BALTIMORE -- The Orioles have their work cut out for them, but they’re not done yet after two losses to the Rangers to open the American League Division Series. What will it take to pull out an improbable comeback after their 11-8 loss to the Rangers in Game 2 on Sunday put Baltimore in an 0-2 hole?
"We really felt like we had a chance, still, even when we were down early in the game,” said outfielder Austin Hays. “I always think we have a chance, no matter what.”
History isn’t on their side, and the Orioles haven’t played their best baseball by any stretch yet this October. But here are three reasons why this series isn’t over just yet.
It’s been done before
In all best-of-five postseason series, teams to take a 2-0 lead have gone on to win the series 78 of 88 times (89%). And in Division Series with the current 2-2-1 format, 14 of the 16 clubs (88%) to win Games 1 and 2 on the road have advanced, including 10 via sweep. The last team to win the first two games on the road and lose that series was, coincidentally, the Rangers, back in the 2015 ALDS to Toronto.
Still, these aren’t great odds the Orioles are facing, but they’re not zero. There is precedent of unlikely three-game comebacks.
“Our backs are against the wall right now,” manager Brandon Hyde said. “We have to go to Texas and play well. We haven't played our two best games here.”
There is also recent relevant history pertaining to this specific Orioles team, which hasn’t been swept in a three-game series in 91 consecutive series dating back to May 2022. Now they need to win three games with their backs against the wall. They won at least three straight games 16 different times this season, tied with Atlanta for the most in MLB. They had seven 3+ game winning streaks against teams that finished over .500, four 3+ game winning streaks vs. 2023 playoff teams, and beat the same playoff teams three times in a row three different times.
Although Baltimore hasn't shown it yet this series, the club does know how to fight back -- its 48 comeback wins during the regular season tied for the most in the Majors.
If the offense awakens, the calculus shifts
After not doing much of anything against Andrew Heaney in Game 1, the Orioles’ lineup put a lot more pressure on Jordan Montgomery and four Rangers relievers in Game 2, though much of that came with the Rangers already up big. Still, their 14-hit, eight-run showing was nothing to sneeze at and kept things interesting late because of Gunnar Henderson’s first postseason home run, Aaron Hicks’ three-run shot and a few timely hits with runners in scoring position. In short, they looked more like the Orioles.

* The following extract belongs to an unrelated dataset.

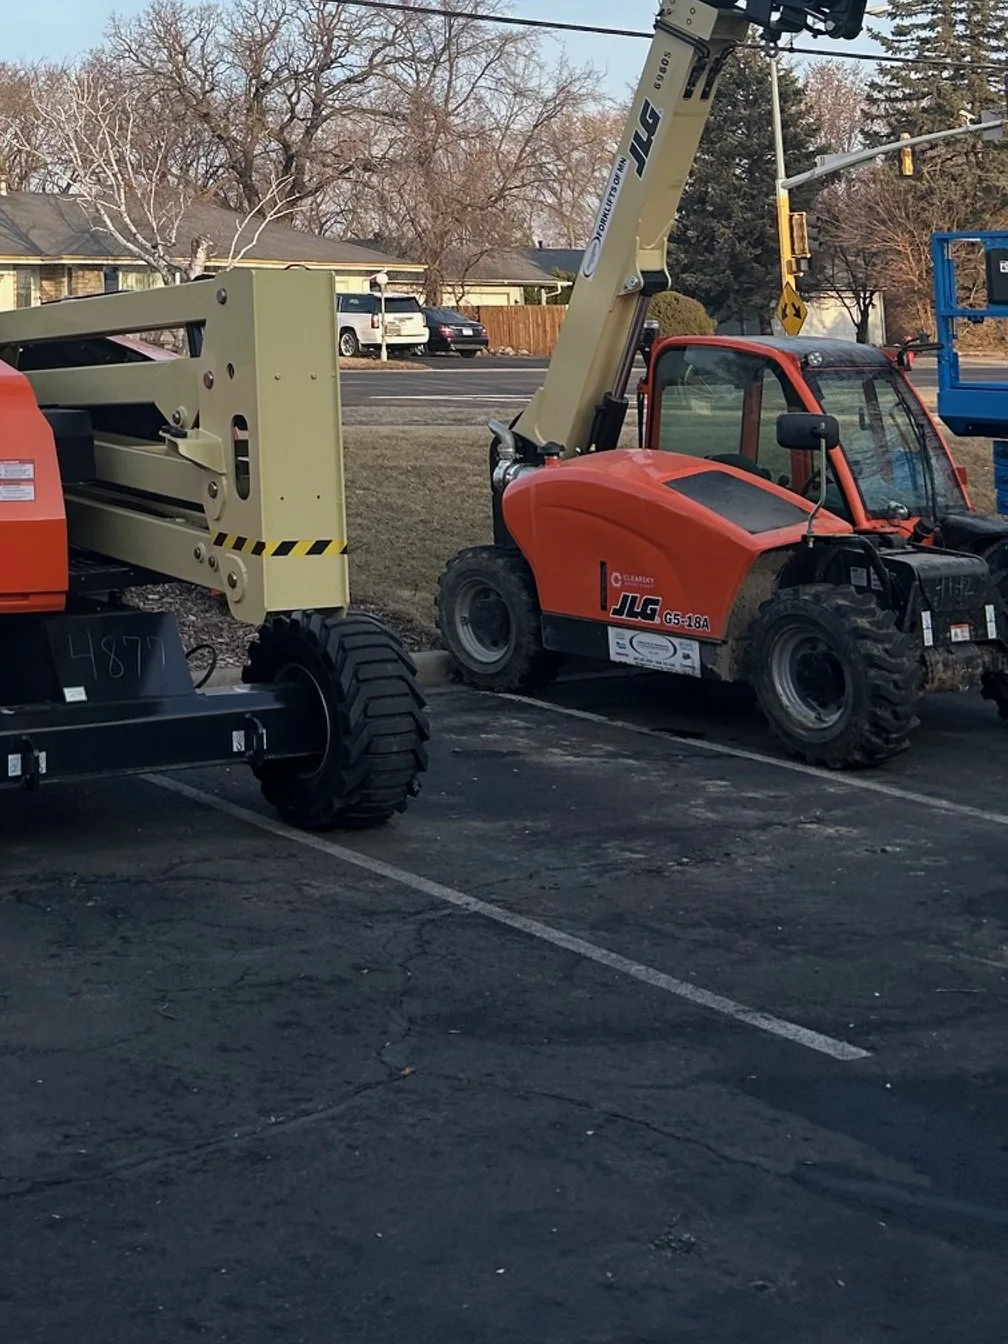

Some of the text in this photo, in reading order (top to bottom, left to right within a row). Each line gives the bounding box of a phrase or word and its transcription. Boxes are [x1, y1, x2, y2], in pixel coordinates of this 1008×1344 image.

[627, 97, 663, 180] JLG
[596, 157, 627, 238] FORKLIFTS OF MN
[610, 592, 710, 632] JLG G5-18A
[68, 628, 166, 681] 4877

That needs to continue, and probably keep improving, for Baltimore to pull out the comeback against Texas’ rolling offense. The room for improvement is definitely there. Adley Rutschman went just 1-for-8 over the first two games. Cedric Mullins went 0-for-8. Anthony Santander and Ryan Mountcastle combined to go just 4-for-16 (though they have driven in three runs between them). The Orioles’ lineup has shown it can get to the Rangers’ shaky pitching staff, but it isn’t yet clicking on all cylinders.
The matchup in Game 3 might benefit Baltimore, as well. The Orioles were an extremely balanced offense this season, though actually slightly less dynamic against right-handers (.733 OPS) than they were against lefties (.764 OPS). But facing righty Nathan Eovaldi in Game 3 should allow them to get Ryan O’Hearn’s bat into the lineup for a little extra power, at least.
The pitching can -- must? -- improve
Though Hyde basically emptied his bullpen in the first two games, Monday’s off day should provide the Orioles’ relievers ample rest for what will be an all-hands-on-deck approach in Game 3. It is likely either Kyle Gibson or Dean Kremer will get the start, with the other getting the nod for a potential Game 4; both need to pitch well for the Orioles to pull this out.
Both were reliable cogs in an extremely reliable Orioles pitching staff, which ranked top five in the AL in ERA, WHIP, walks and homers allowed during the regular season but has looked little like itself so far in this ALDS. In contrast, the Rangers’ starting corps, including Eovaldi, at least seems more prone to peaks and valleys.
“We just got to move on, move forward, flush it down the drain and get after it these next three games,” Hays said. “I have total confidence in our bullpen and our pitching that they’re gonna pitch great these next three games. … We have to focus on what we need to do these next three days, and come out playing with our hair on fire like we have all year.”